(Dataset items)
☆ ☆ ☆ ☆
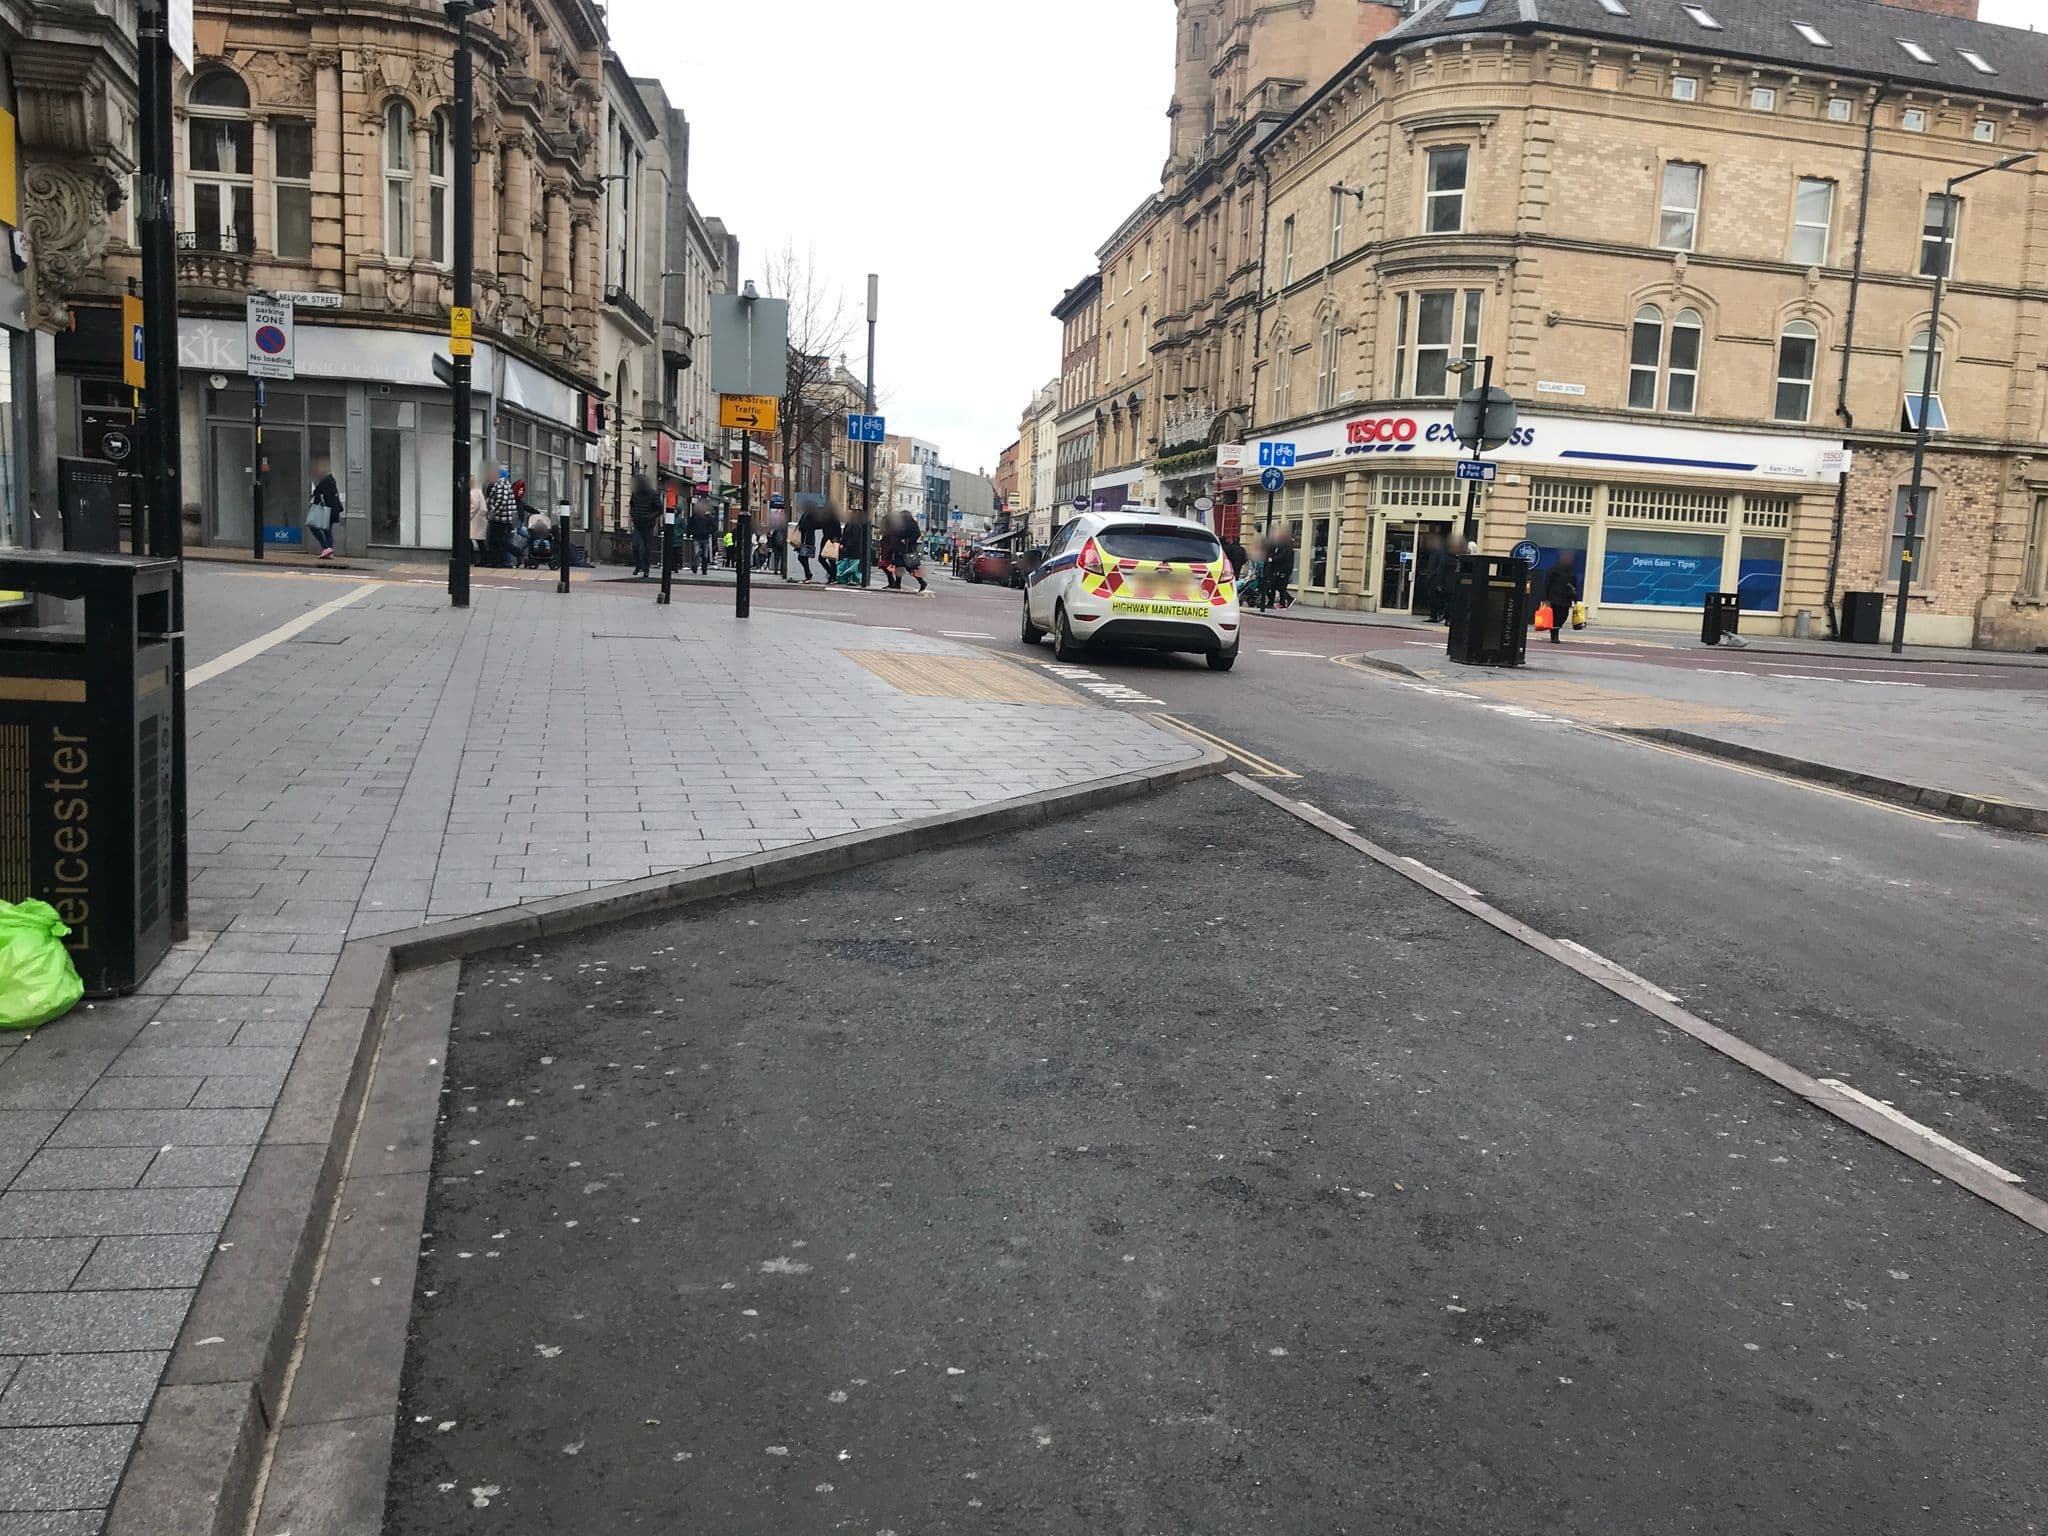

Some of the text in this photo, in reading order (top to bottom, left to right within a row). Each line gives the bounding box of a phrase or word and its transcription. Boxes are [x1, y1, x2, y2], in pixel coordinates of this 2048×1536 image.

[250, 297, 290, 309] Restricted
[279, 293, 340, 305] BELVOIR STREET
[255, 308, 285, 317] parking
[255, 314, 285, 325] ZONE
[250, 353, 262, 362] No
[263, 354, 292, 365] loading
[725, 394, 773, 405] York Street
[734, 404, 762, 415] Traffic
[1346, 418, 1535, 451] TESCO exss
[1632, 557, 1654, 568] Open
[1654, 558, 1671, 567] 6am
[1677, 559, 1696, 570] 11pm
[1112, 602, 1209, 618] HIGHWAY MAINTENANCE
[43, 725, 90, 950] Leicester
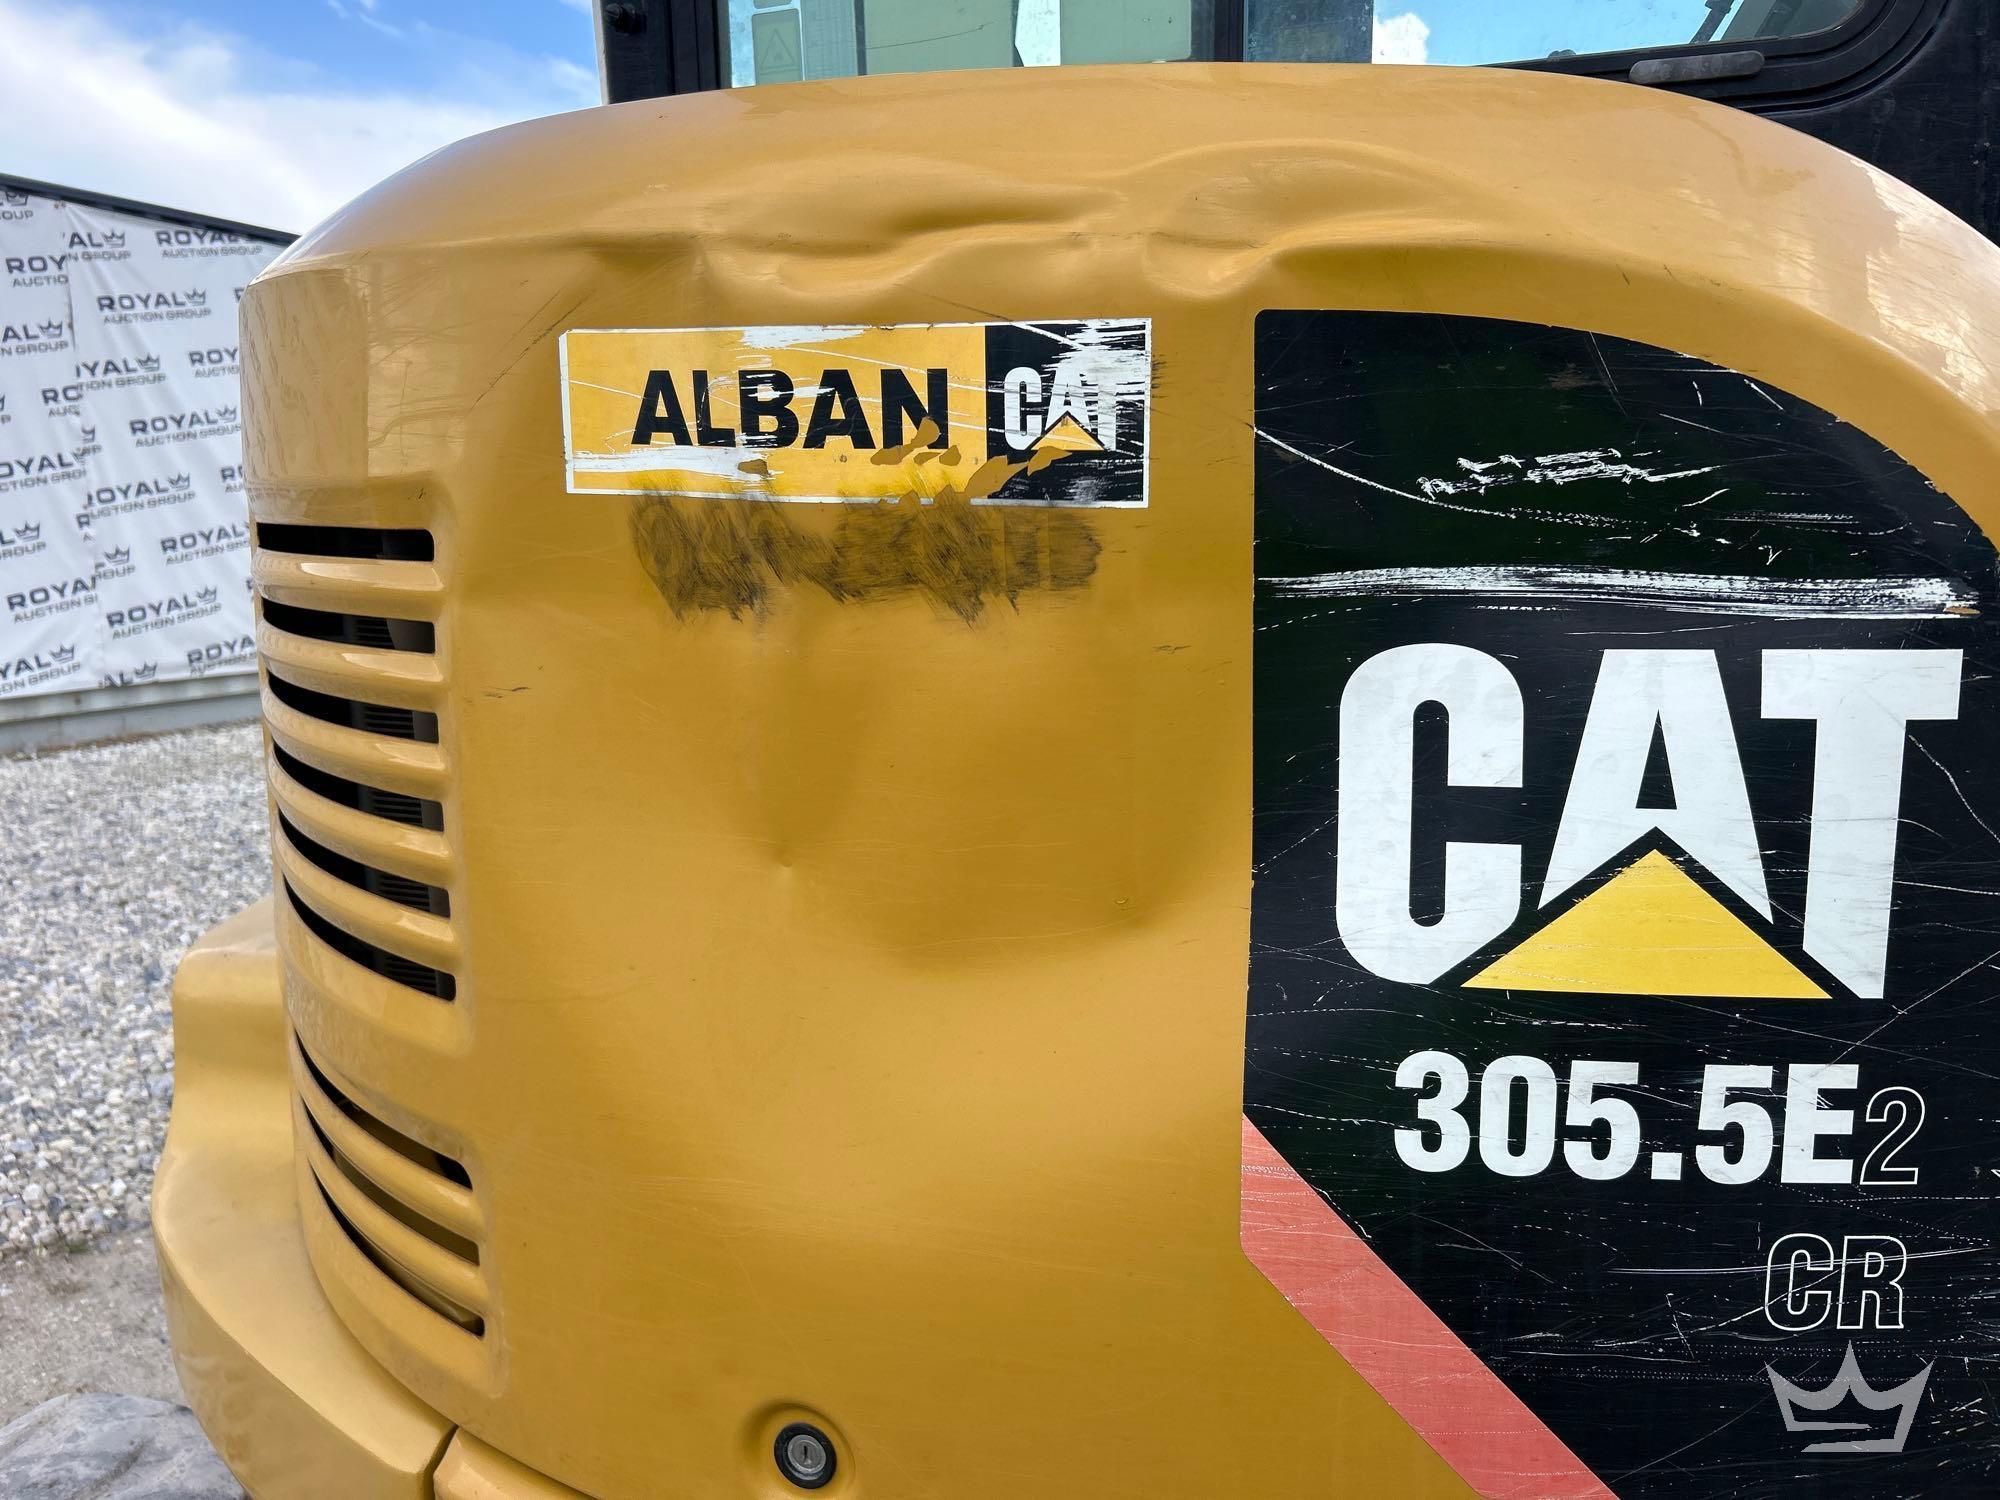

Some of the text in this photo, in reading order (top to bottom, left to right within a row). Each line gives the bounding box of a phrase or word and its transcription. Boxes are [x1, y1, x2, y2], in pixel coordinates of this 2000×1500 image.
☆ ☆ ☆ ☆
WORK INSTRUCTIONS - Without any of the pictures, set the entries down again exactly as written.

RESPONSE TO THIS EXERCISE -
Some of the text in this photo, in reading order (top to bottom, left to right within a row). Each line gives the bounding box of a phrase or word and its transcription. Boxes are [x1, y1, x2, y2], in pixel coordinates of this 2048×1536 image.

[250, 297, 290, 309] Restricted
[279, 293, 340, 305] BELVOIR STREET
[255, 308, 285, 317] parking
[255, 314, 285, 325] ZONE
[250, 353, 262, 362] No
[263, 354, 292, 365] loading
[725, 394, 773, 405] York Street
[734, 404, 762, 415] Traffic
[1346, 418, 1535, 451] TESCO exss
[1632, 557, 1654, 568] Open
[1654, 558, 1671, 567] 6am
[1677, 559, 1696, 570] 11pm
[1112, 602, 1209, 618] HIGHWAY MAINTENANCE
[43, 725, 90, 950] Leicester

Some of the text in this photo, in reading order (top to bottom, left to right within a row). Each line gives the bounding box of a phrase or word and its transcription. Boxes are [x1, y1, x2, y2], in pixel coordinates of this 2000×1500 image.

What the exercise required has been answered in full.